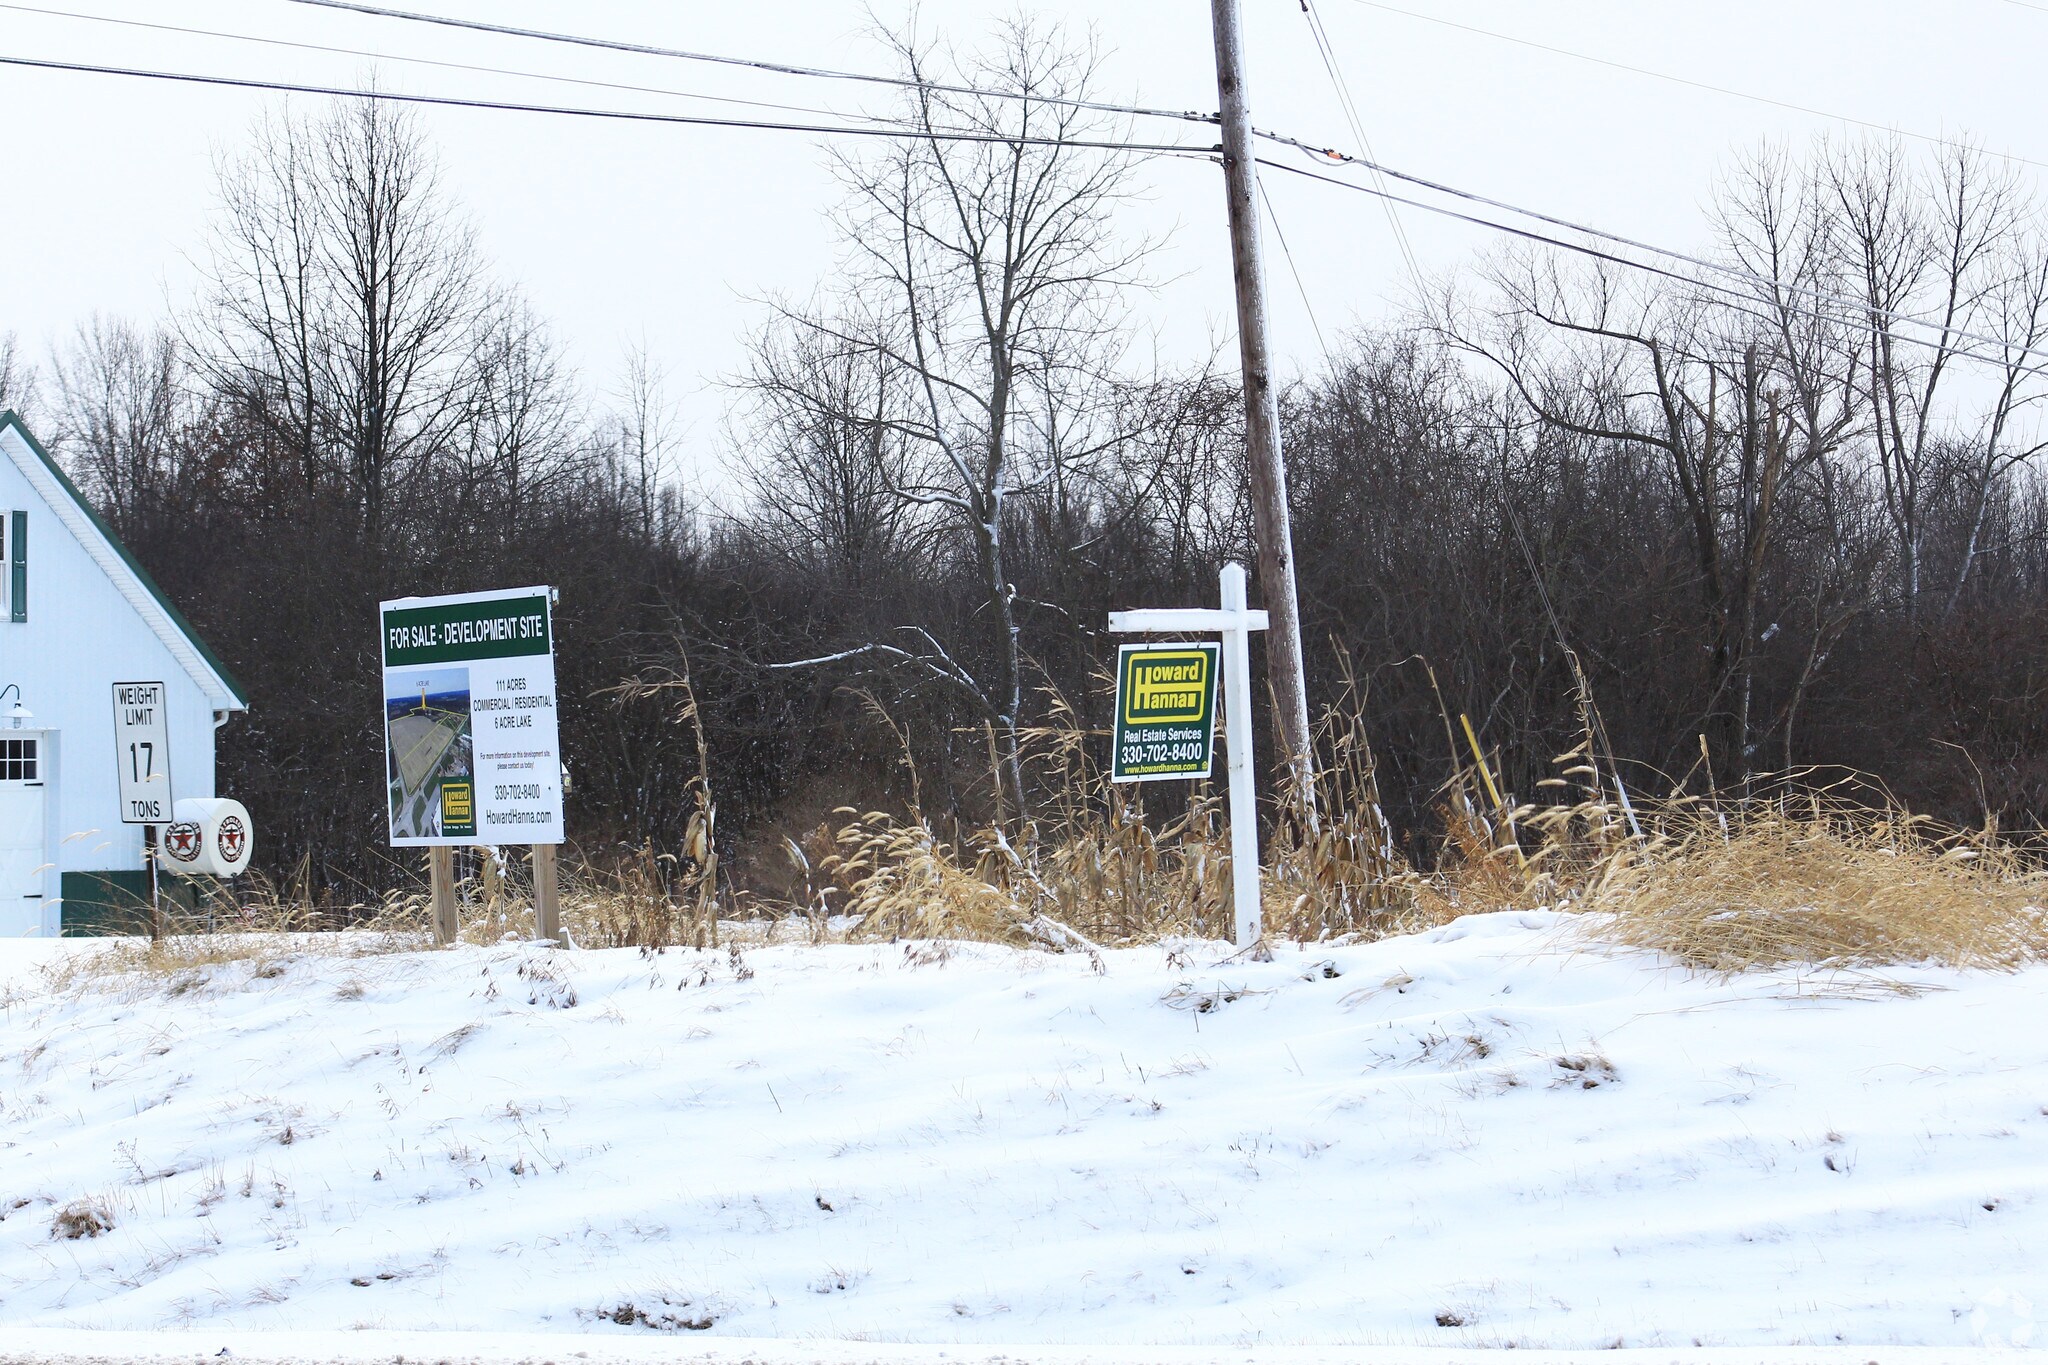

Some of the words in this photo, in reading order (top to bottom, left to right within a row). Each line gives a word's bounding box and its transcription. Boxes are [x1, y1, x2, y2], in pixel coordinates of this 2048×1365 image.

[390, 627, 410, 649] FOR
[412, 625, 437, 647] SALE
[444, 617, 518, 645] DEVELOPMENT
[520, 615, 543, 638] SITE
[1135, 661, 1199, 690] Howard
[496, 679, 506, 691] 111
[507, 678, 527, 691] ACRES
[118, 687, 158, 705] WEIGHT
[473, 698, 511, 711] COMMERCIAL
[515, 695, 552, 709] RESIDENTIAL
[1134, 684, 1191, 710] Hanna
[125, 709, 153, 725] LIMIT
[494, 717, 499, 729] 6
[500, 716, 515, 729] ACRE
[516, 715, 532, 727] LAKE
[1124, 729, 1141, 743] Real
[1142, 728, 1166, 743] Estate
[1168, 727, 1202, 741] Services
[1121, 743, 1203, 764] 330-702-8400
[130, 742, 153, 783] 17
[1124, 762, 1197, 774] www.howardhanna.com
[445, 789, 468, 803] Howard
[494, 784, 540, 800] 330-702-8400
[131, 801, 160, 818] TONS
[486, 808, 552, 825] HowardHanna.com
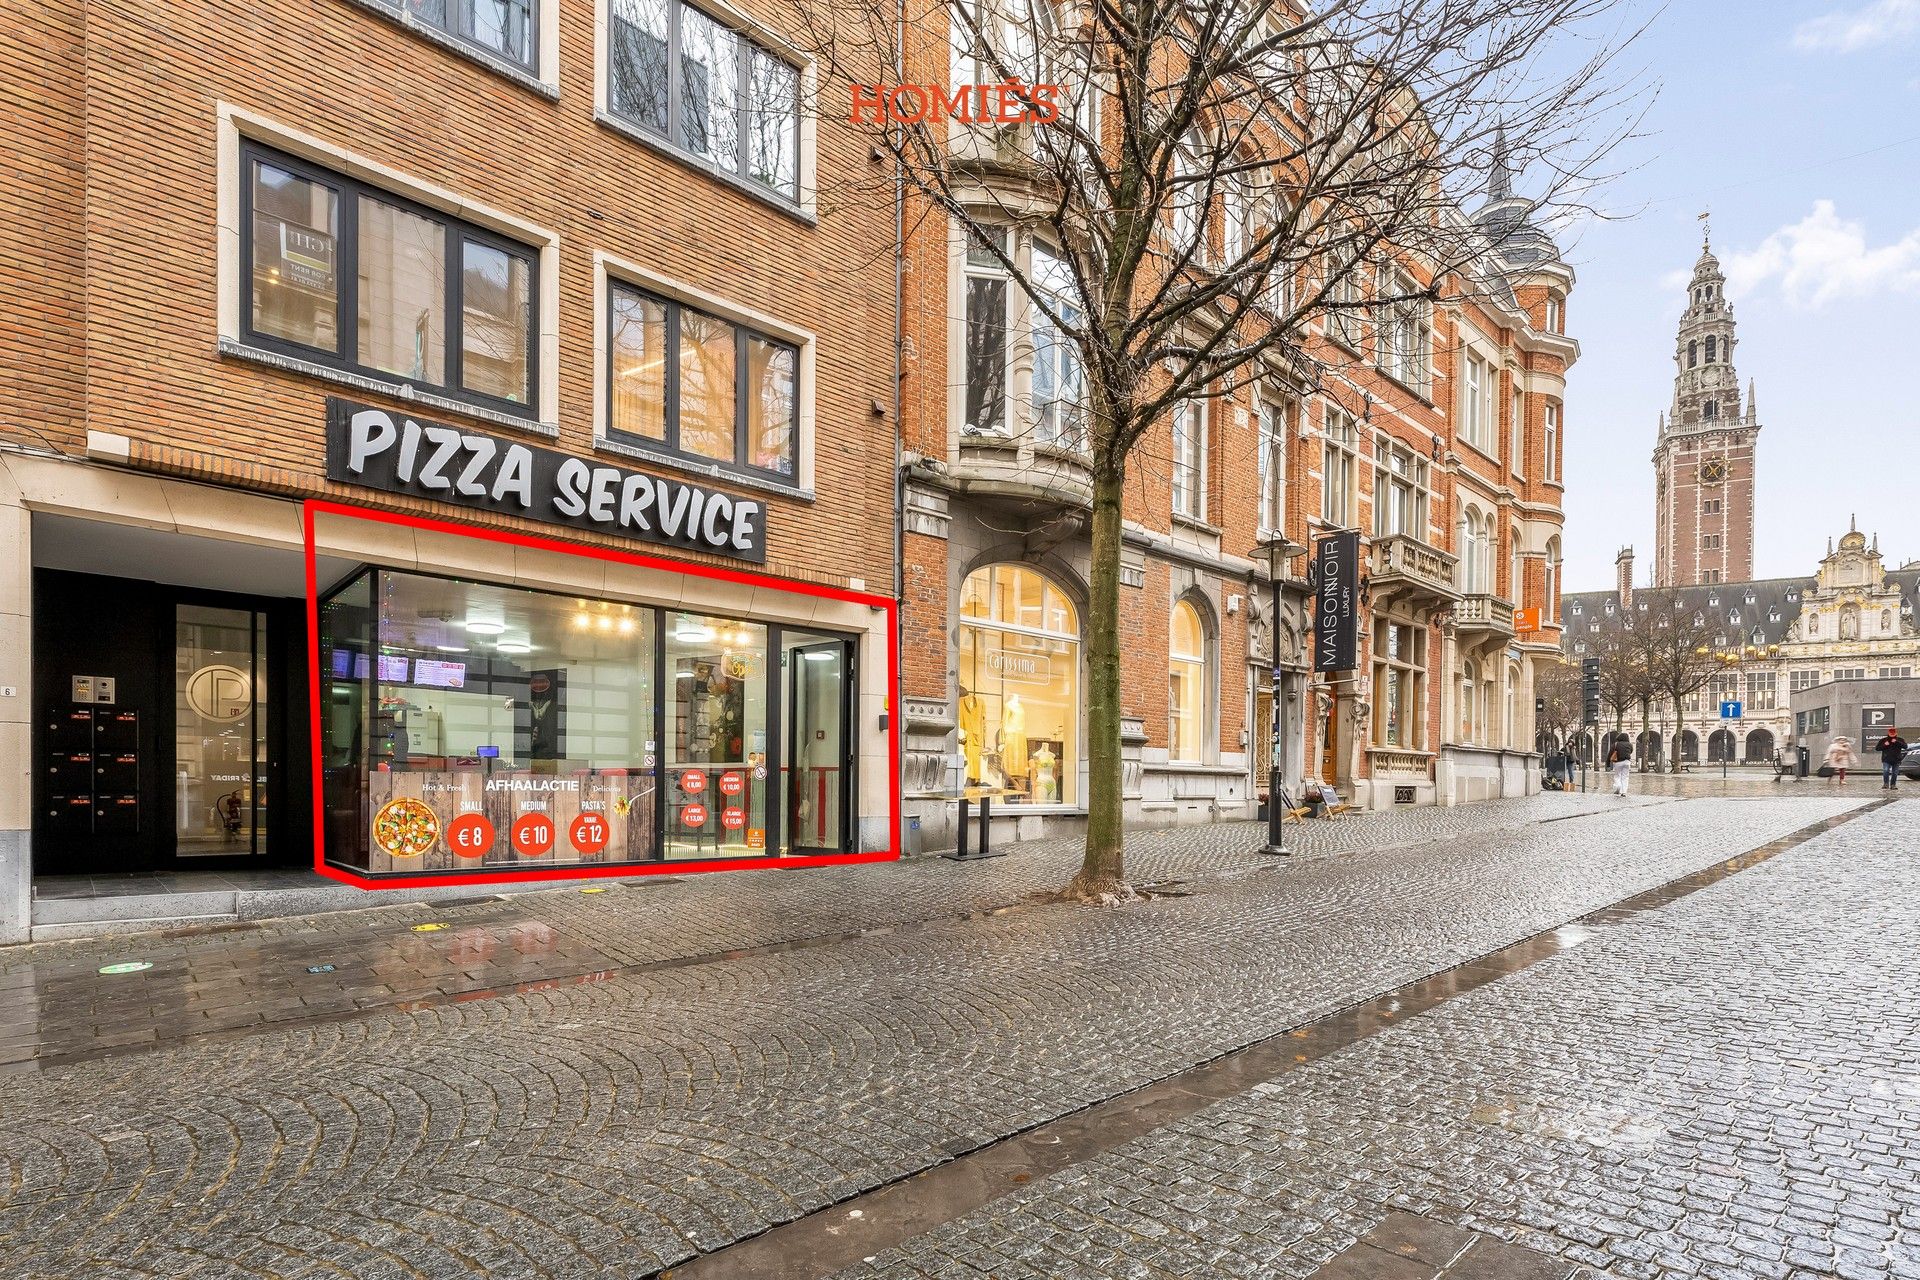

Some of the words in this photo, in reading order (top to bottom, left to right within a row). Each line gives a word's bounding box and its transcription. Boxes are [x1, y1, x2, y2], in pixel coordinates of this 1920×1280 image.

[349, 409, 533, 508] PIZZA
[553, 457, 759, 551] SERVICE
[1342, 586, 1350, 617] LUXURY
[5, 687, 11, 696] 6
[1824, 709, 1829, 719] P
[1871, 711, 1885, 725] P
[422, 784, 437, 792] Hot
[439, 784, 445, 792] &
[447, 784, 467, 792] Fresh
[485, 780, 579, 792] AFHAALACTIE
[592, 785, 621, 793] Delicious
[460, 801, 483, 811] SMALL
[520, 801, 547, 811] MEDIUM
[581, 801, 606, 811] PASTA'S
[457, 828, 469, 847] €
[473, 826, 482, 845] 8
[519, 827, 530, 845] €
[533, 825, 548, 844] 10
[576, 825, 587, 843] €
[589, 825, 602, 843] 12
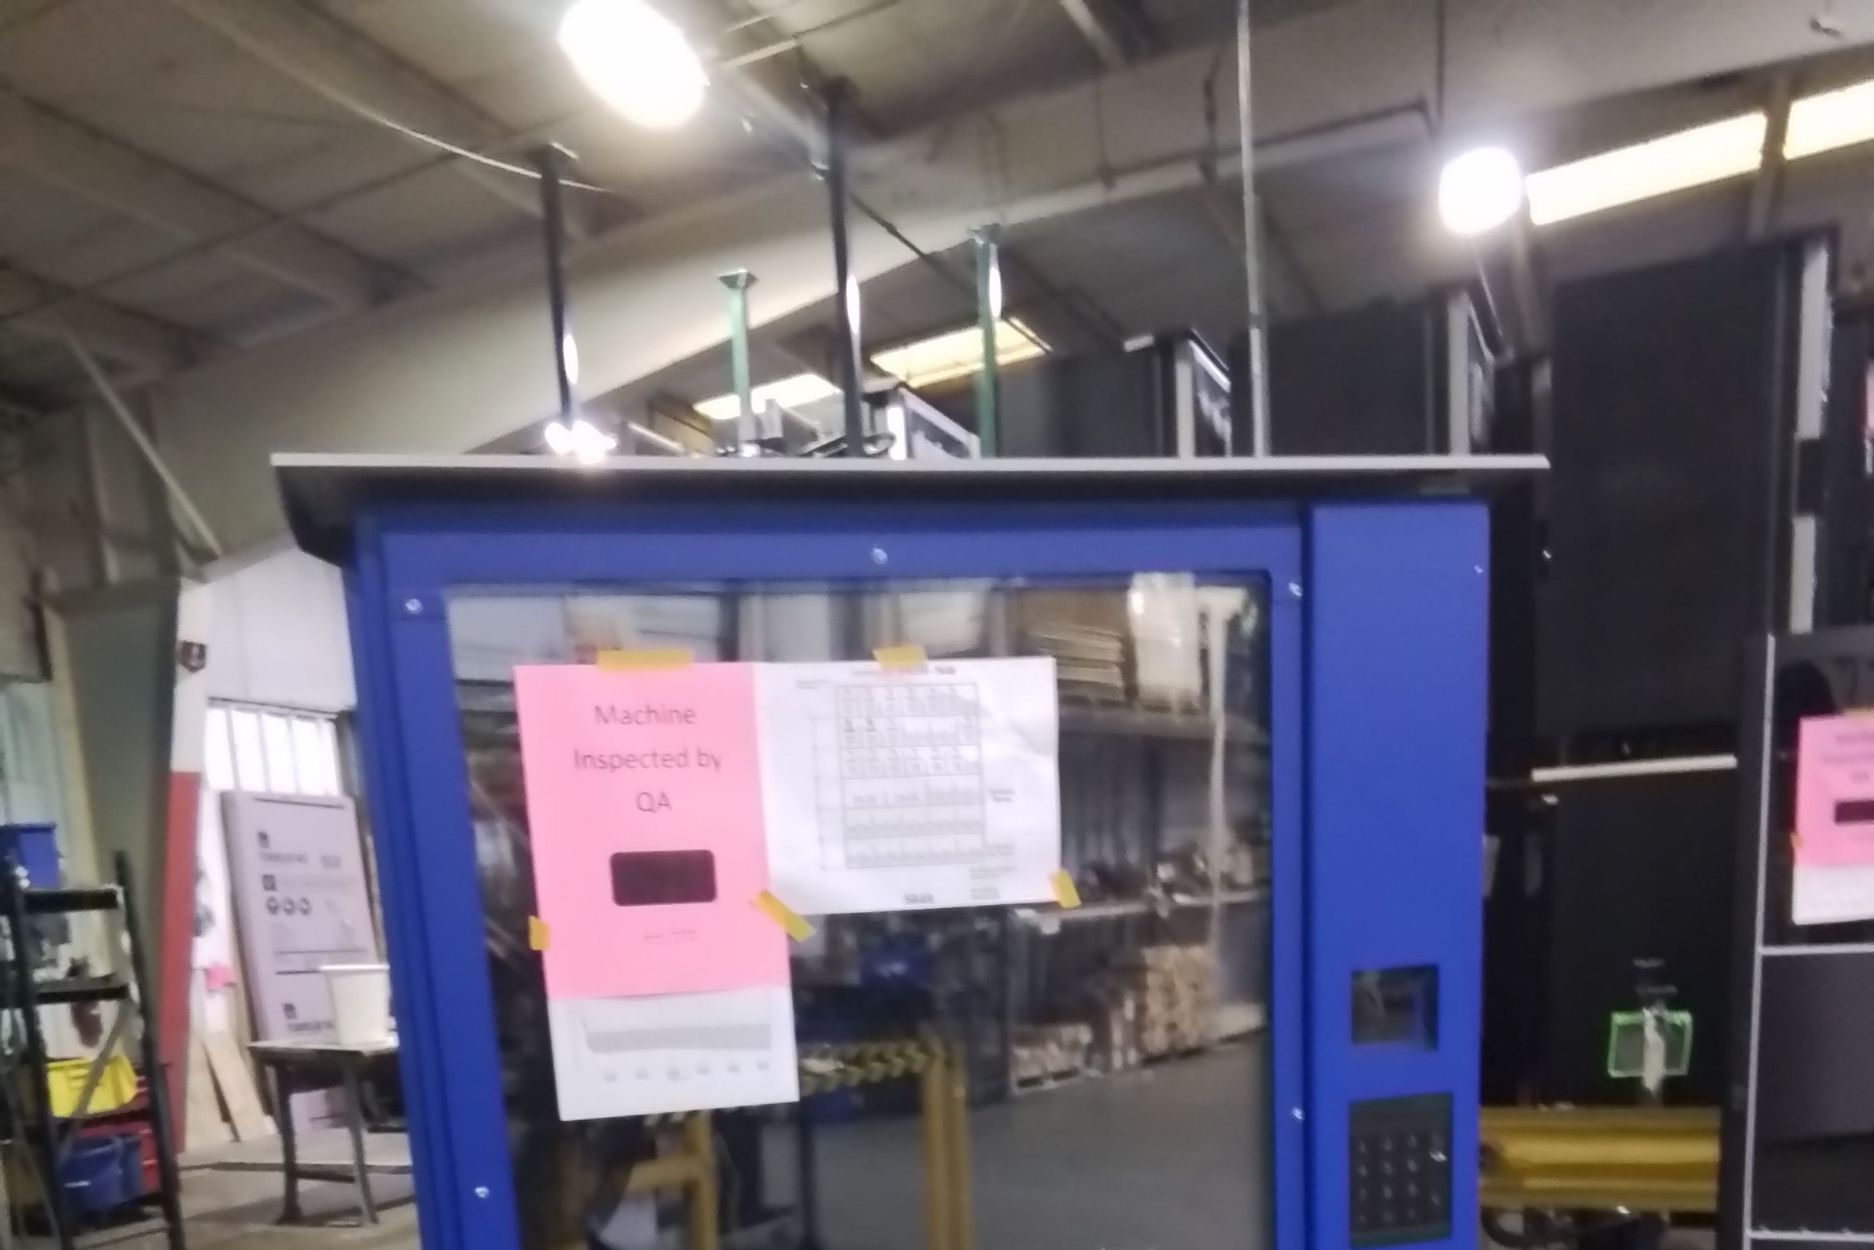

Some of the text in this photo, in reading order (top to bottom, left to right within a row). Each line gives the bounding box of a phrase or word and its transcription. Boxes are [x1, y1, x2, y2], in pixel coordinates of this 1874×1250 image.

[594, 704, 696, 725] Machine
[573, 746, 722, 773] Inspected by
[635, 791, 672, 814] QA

§ Required action: The output should be the lines from the one with "this 1920×1280 image." through the end of the material above, both ends included, printed exactly and nothing else. Drop the pictures.

§ Solution:
Some of the words in this photo, in reading order (top to bottom, left to right within a row). Each line gives a word's bounding box and its transcription. Boxes are [x1, y1, x2, y2], in pixel coordinates of this 1920×1280 image.

[349, 409, 533, 508] PIZZA
[553, 457, 759, 551] SERVICE
[1342, 586, 1350, 617] LUXURY
[5, 687, 11, 696] 6
[1824, 709, 1829, 719] P
[1871, 711, 1885, 725] P
[422, 784, 437, 792] Hot
[439, 784, 445, 792] &
[447, 784, 467, 792] Fresh
[485, 780, 579, 792] AFHAALACTIE
[592, 785, 621, 793] Delicious
[460, 801, 483, 811] SMALL
[520, 801, 547, 811] MEDIUM
[581, 801, 606, 811] PASTA'S
[457, 828, 469, 847] €
[473, 826, 482, 845] 8
[519, 827, 530, 845] €
[533, 825, 548, 844] 10
[576, 825, 587, 843] €
[589, 825, 602, 843] 12

Some of the text in this photo, in reading order (top to bottom, left to right within a row). Each line gives the bounding box of a phrase or word and its transcription. Boxes are [x1, y1, x2, y2], in pixel coordinates of this 1874×1250 image.

[594, 704, 696, 725] Machine
[573, 746, 722, 773] Inspected by
[635, 791, 672, 814] QA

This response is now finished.